Getting started

Clone the hw-05- repo and start a new project in RStudio. For more detailed instructions about getting started, see the Lab 01 instructions.

Type the following lines of code in the console in RStudio filling in your Github username and the email address associated with your Github account.

library(usethis)
use_git_config(user.name = "your github username", 
               user.email="your email")

Packages

We will use the following packages in this assignment:

library(tidyverse)
library(broom)
library(knitr)
#add other packages as needed

Part 1: Conceptual questions

In 2009, reporter Gina Kolata reported the story “Picture Emerging on Genetic Risks of Ivf” in the New York Times. The calculated results from the study are shown below.

In November, the Centers for Disease Control and Prevention published a paper reporting that babies conceived with IVF, or with a technique in which sperm are injected directly into eggs, have a slightly increased risk of several birth defects, including a hole between the two chambers of the heart, a cleft lip or palate, an improperly developed esophagus and a malformed rectum. The study involved 9,584 babies with birth defects and 4,792 babies without. Among the mothers of babies without birth defects, 1.1% had used IVF or related methods, compared with 2.4% of mothers of babies with birth defects.

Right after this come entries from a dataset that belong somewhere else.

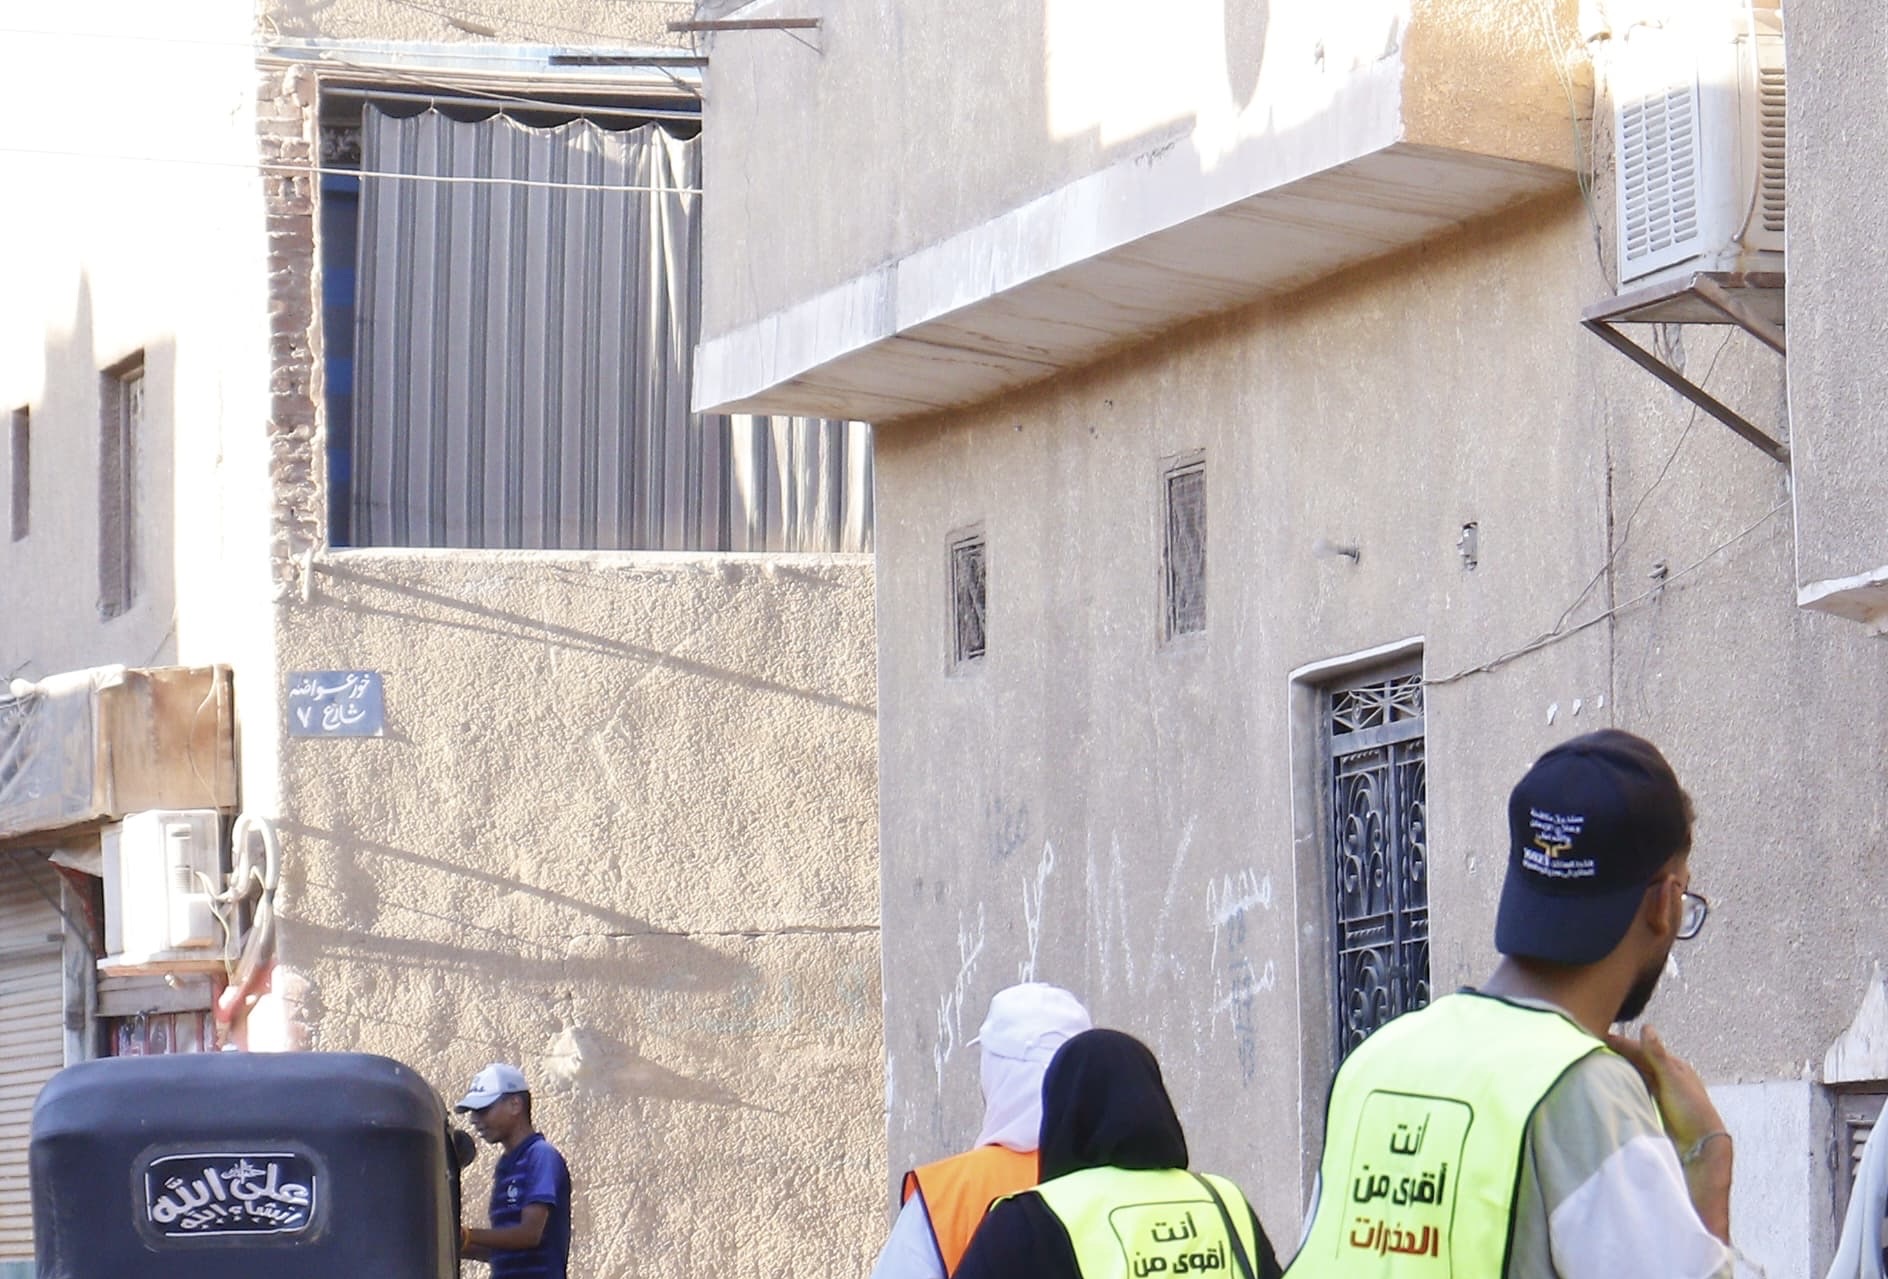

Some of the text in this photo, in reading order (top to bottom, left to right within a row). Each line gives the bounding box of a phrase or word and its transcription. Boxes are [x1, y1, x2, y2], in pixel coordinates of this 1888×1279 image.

[322, 703, 366, 731] شارع
[152, 1167, 226, 1223] الله
[1352, 1163, 1391, 1204] من
[1349, 1216, 1440, 1258] المخرات
[1132, 1251, 1168, 1279] من

  1. Use the calculated results to construct a table displaying the relationship between the whether or not the mother used IVF and whether or not the baby had a birth defect.

  2. Calculate the odds that a baby in this study was born with a birth defect.

  3. The conclusion from the report was the following:

The findings are considered preliminary, and researchers say they believe IVF does not carry excessive risks. There is a 3% chance that any given baby will have a birth defect.

Does the data support this conclusion? Include any relevant calculations to support your answer.

Part 2: Analysis in practice

The data for Medical School Admissions was collected from undergraduates from a small liberal arts school over several years. We are interested in student attributes that are associated with higher acceptance rates.

The data set MedGPA.csv contains the following variables:

  • Accept = accepted (A) into medical school or denied (D)
  • Acceptance = accepted (1) into medical school or denied (0)
  • Sex = male (M) or female (F)
  • BCPM = GPA in natural sciences and mathematics
  • GPA = overall GPA
  • VR = verbal reasoning subscale score of the MCAT
  • PS = physical sciences subscale score of the MCAT
  • WS = writing samples subscale score of the MCAT
  • BS = biological sciences subscale score of the MCAT
  • MCAT = MCAT total score
  • Apps = number of schools applied to

Use the data to answer the following questions. Be sure your answer includes and interpretation of the model coefficients and associated hypothesis tests or confidence intervals used to support your response.

  1. Fit a model using the MCAT total score and overall GPA to predict the odds of being accepted to medical school. Use your model to compare the relative effects of improving your MCAT score versus improving your GPA on your odds of being accepted to medical school.

  2. After accounting for MCAT and GPA, is the number of applications related to odds of getting into medical school?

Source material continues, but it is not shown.